| Exercise directions |
Repeat the records below word for word and omit each image.

***** Records for this exercise

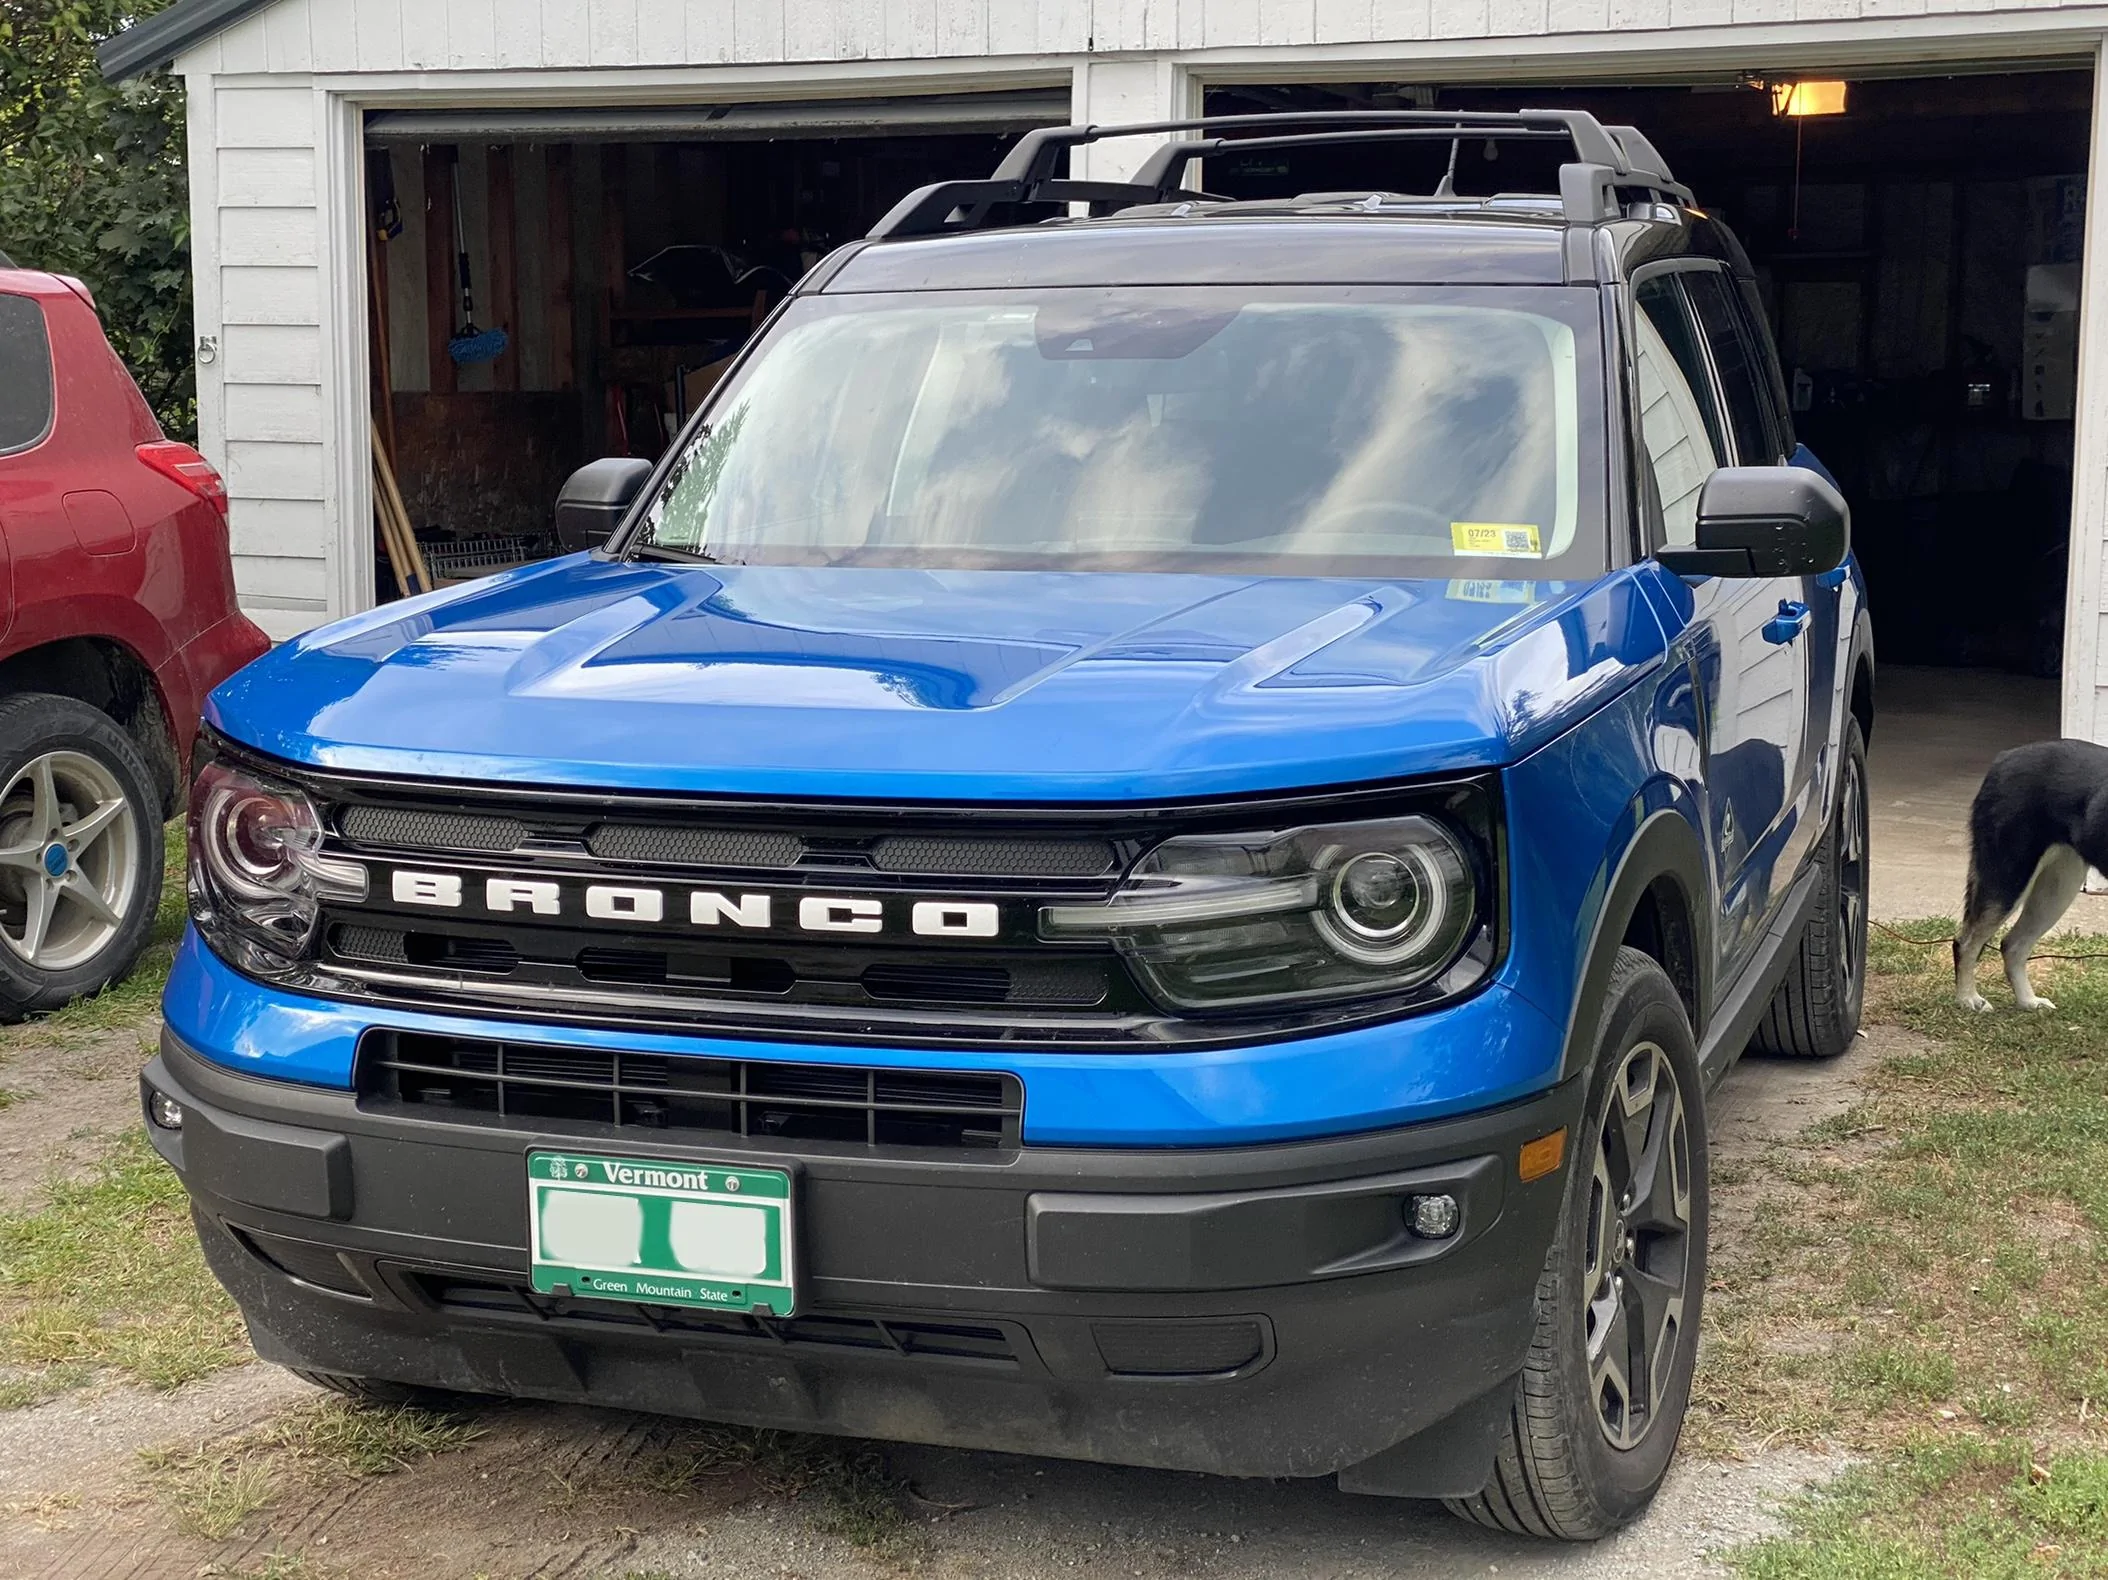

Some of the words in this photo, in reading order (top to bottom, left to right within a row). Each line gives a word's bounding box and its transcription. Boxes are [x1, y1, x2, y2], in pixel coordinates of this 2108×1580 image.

[1468, 528, 1497, 538] 07/23
[391, 869, 1000, 937] BRONCO
[603, 1161, 708, 1190] Vermont
[593, 1278, 627, 1292] Green
[636, 1282, 692, 1298] Mountain
[699, 1288, 728, 1302] State

**********

| Answer area |
Some of the words in this photo, in reading order (top to bottom, left to right within a row). Each line gives a word's bounding box and its transcription. Boxes are [x1, y1, x2, y2], in pixel coordinates of this 2108×1580 image.

[1468, 528, 1497, 538] 07/23
[391, 869, 1000, 937] BRONCO
[603, 1161, 708, 1190] Vermont
[593, 1278, 627, 1292] Green
[636, 1282, 692, 1298] Mountain
[699, 1288, 728, 1302] State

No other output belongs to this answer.